(Saved entries)
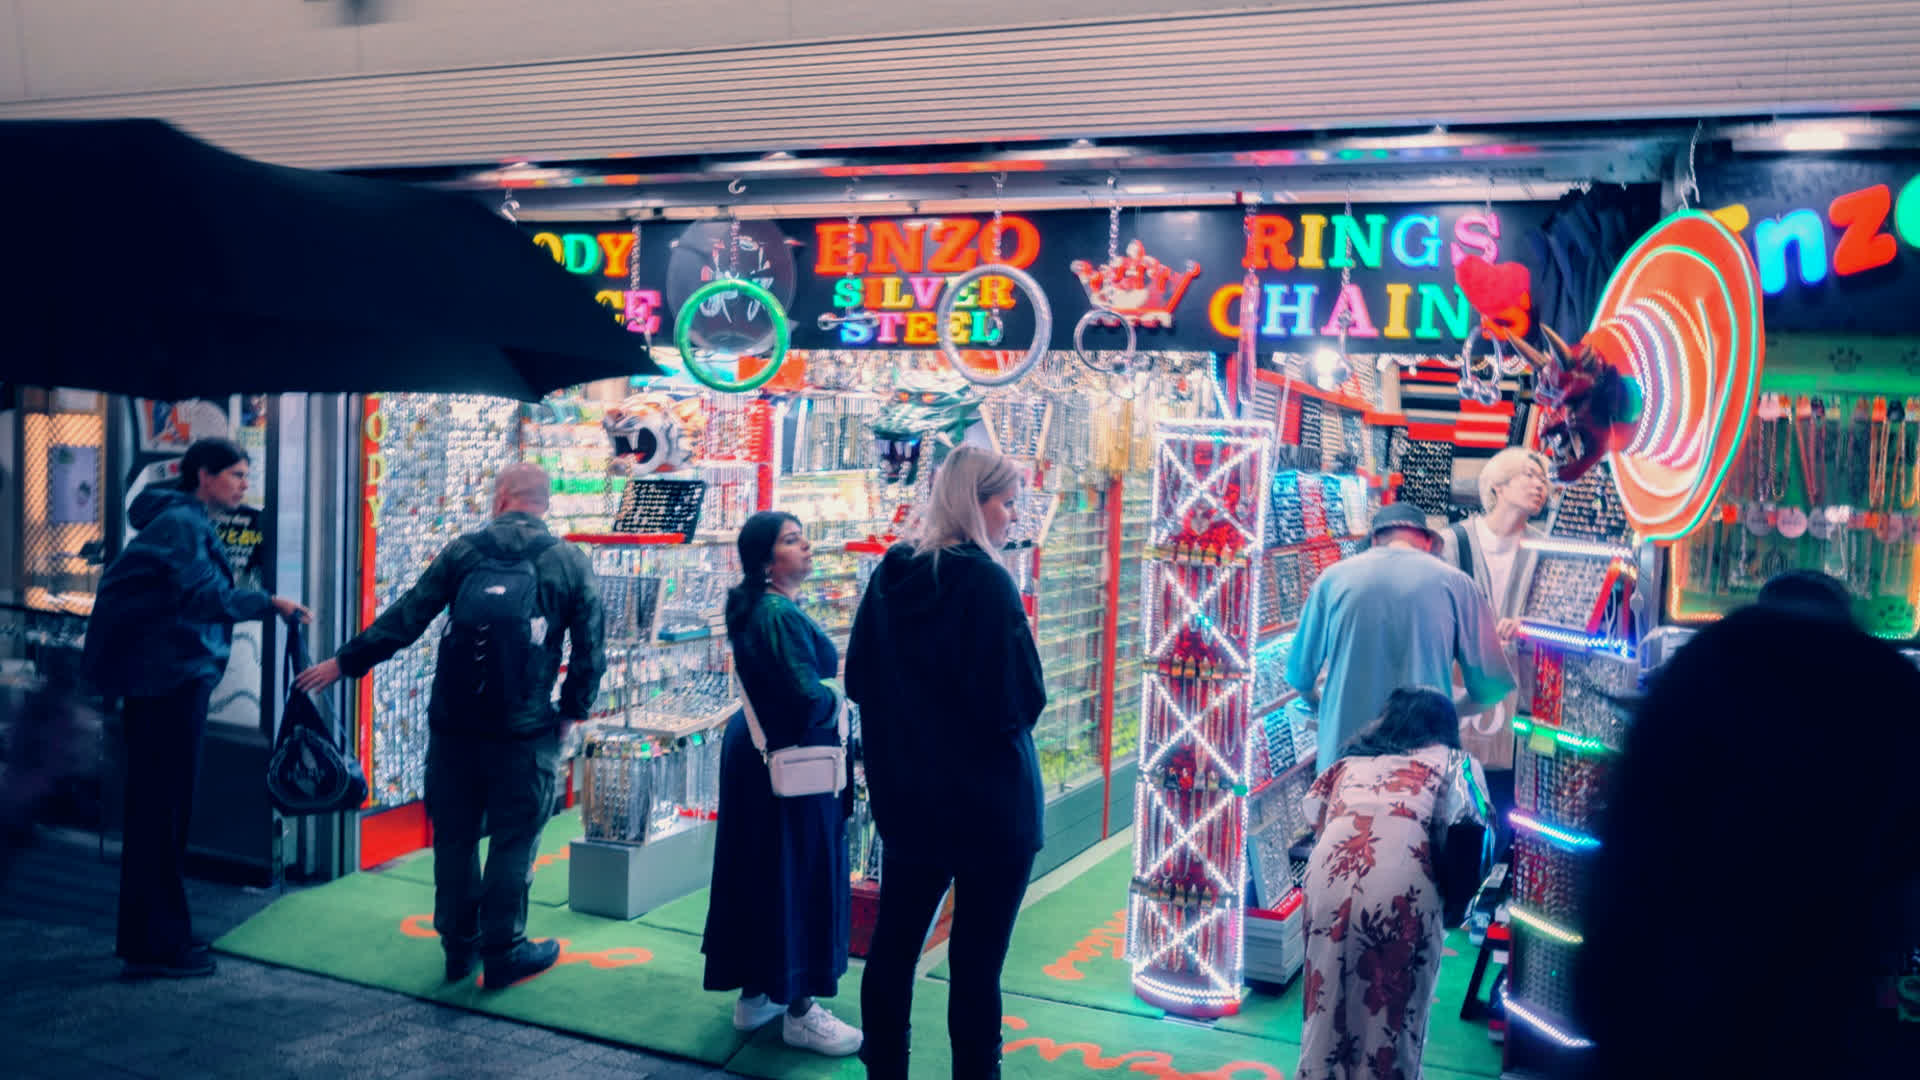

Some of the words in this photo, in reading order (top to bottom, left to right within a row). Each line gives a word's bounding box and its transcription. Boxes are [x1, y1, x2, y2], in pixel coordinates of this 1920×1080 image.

[814, 216, 1041, 274] ENZO
[1242, 213, 1499, 269] RINGS
[833, 274, 1016, 309] SILVER
[840, 311, 1000, 344] STEEL
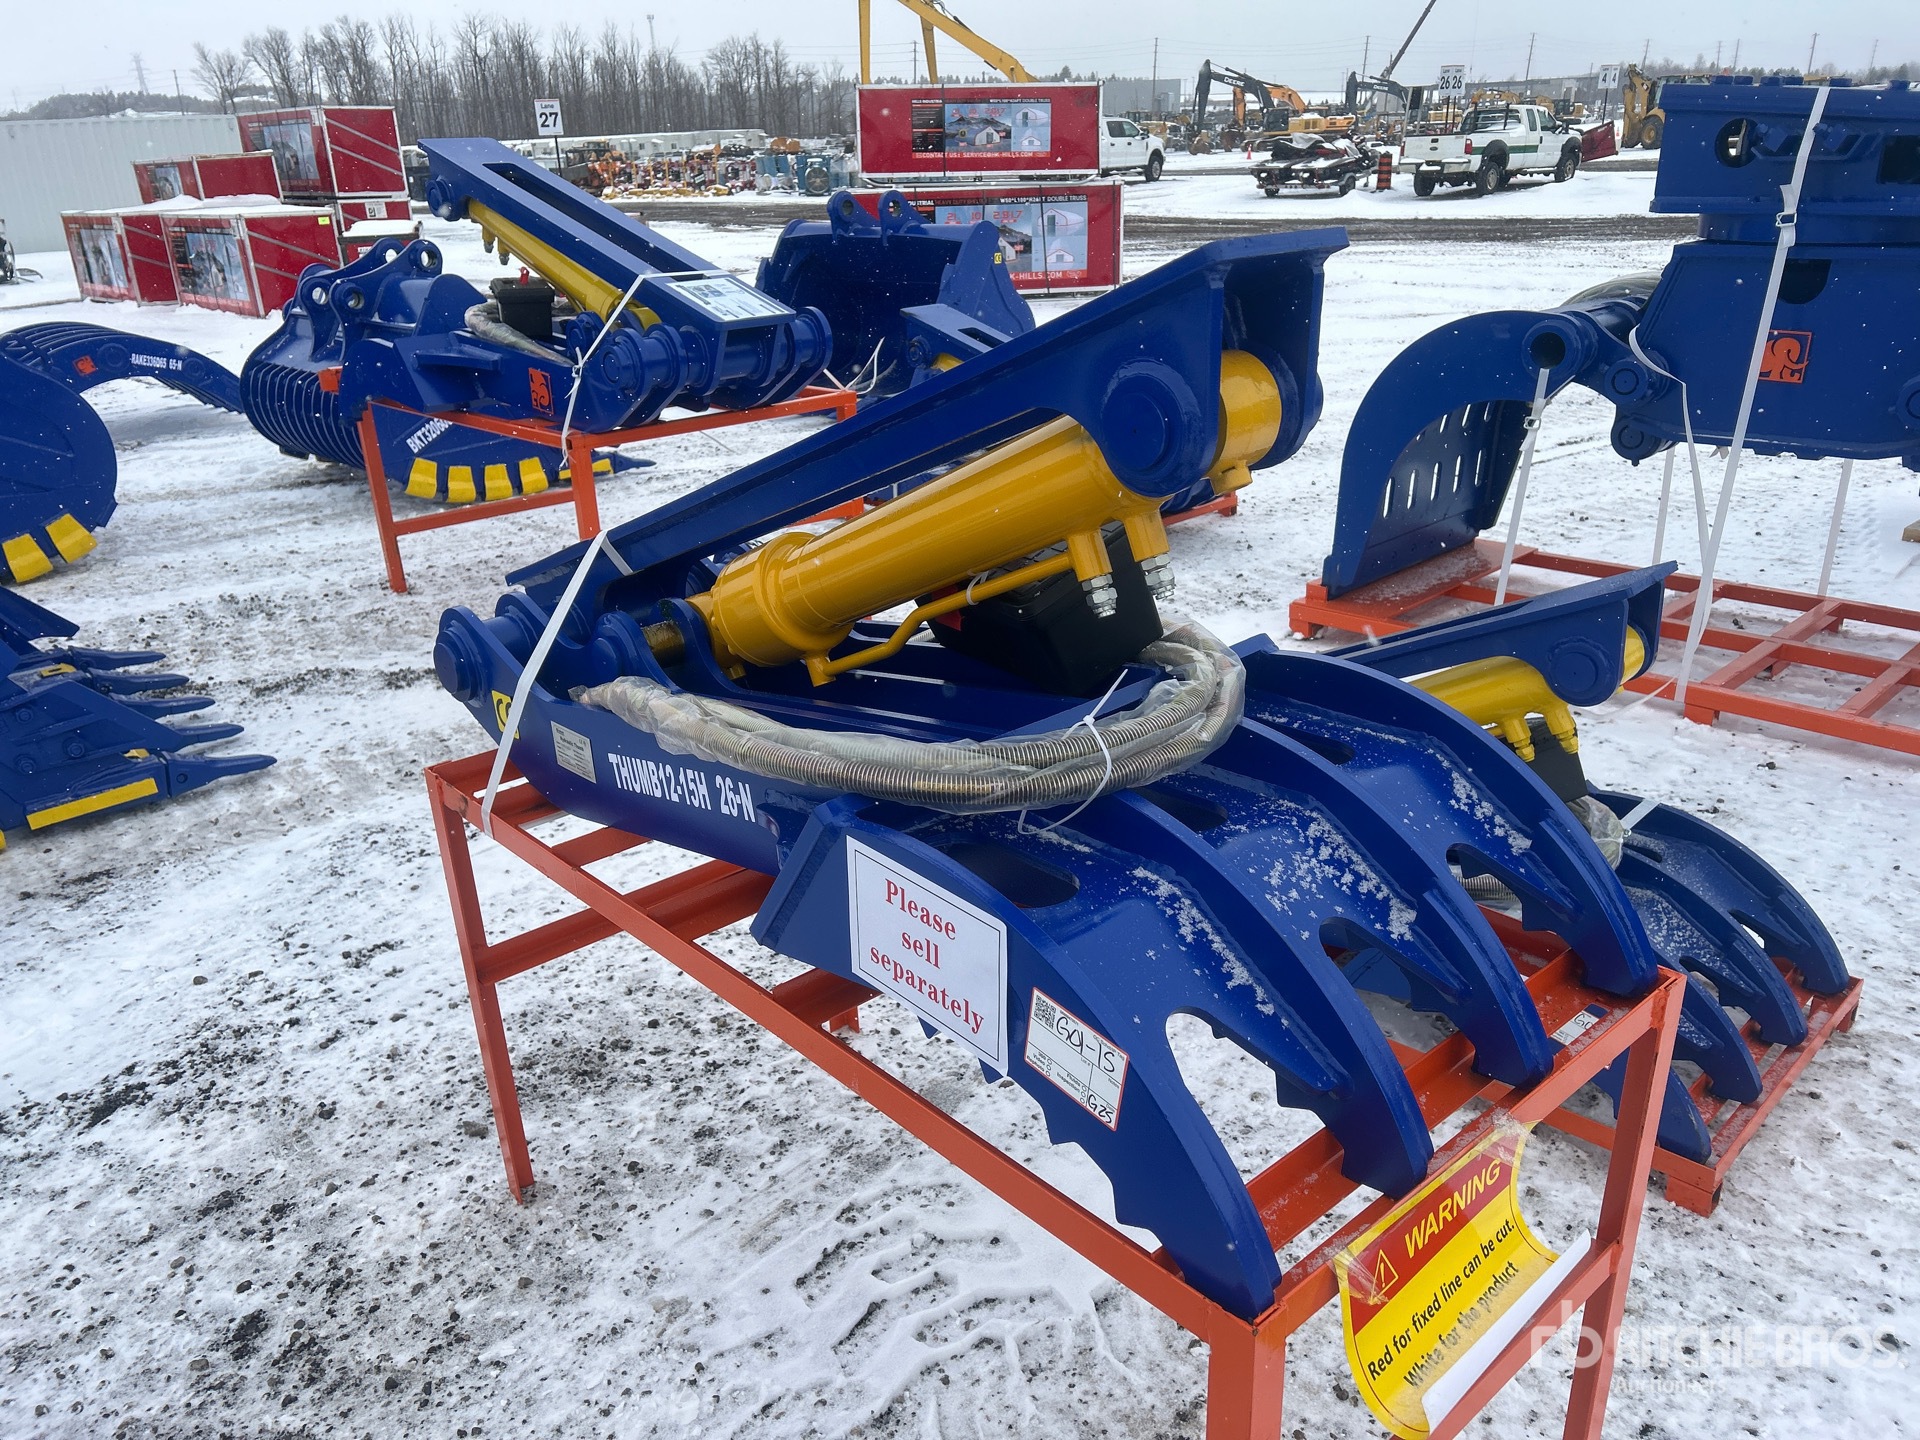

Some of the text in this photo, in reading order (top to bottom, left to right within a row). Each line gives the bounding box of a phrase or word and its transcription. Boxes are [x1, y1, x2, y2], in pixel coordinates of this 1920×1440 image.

[1224, 76, 1245, 87] DEERE
[1440, 75, 1450, 90] 26
[1452, 75, 1462, 90] 26
[1602, 72, 1607, 83] 4
[1612, 72, 1617, 83] 4
[539, 111, 559, 128] 27
[971, 211, 982, 220] 10
[607, 752, 712, 811] THUMB12-15H
[715, 774, 756, 823] 26-N
[885, 878, 956, 941] Please
[901, 931, 940, 969] sell
[870, 946, 985, 1034] separately
[1056, 1071, 1080, 1093] Inspection
[1066, 1073, 1080, 1087] Fluids
[1404, 1158, 1501, 1259] WARNING
[1367, 1218, 1515, 1381] Red for fixed line can be cut.
[1403, 1260, 1520, 1389] White for the product

## ABOUT THIS EXERCISE
Your answer must be an exact copy of the entries above, with no pictures in it.

## YOUR RESPONSE
Some of the words in this photo, in reading order (top to bottom, left to right within a row). Each line gives a word's bounding box and its transcription. Boxes are [x1, y1, x2, y2], in pixel coordinates of this 1920×1080 image.

[814, 216, 1041, 274] ENZO
[1242, 213, 1499, 269] RINGS
[833, 274, 1016, 309] SILVER
[840, 311, 1000, 344] STEEL

Some of the text in this photo, in reading order (top to bottom, left to right within a row). Each line gives the bounding box of a phrase or word and its transcription. Boxes are [x1, y1, x2, y2], in pixel coordinates of this 1920×1440 image.

[1224, 76, 1245, 87] DEERE
[1440, 75, 1450, 90] 26
[1452, 75, 1462, 90] 26
[1602, 72, 1607, 83] 4
[1612, 72, 1617, 83] 4
[539, 111, 559, 128] 27
[971, 211, 982, 220] 10
[607, 752, 712, 811] THUMB12-15H
[715, 774, 756, 823] 26-N
[885, 878, 956, 941] Please
[901, 931, 940, 969] sell
[870, 946, 985, 1034] separately
[1056, 1071, 1080, 1093] Inspection
[1066, 1073, 1080, 1087] Fluids
[1404, 1158, 1501, 1259] WARNING
[1367, 1218, 1515, 1381] Red for fixed line can be cut.
[1403, 1260, 1520, 1389] White for the product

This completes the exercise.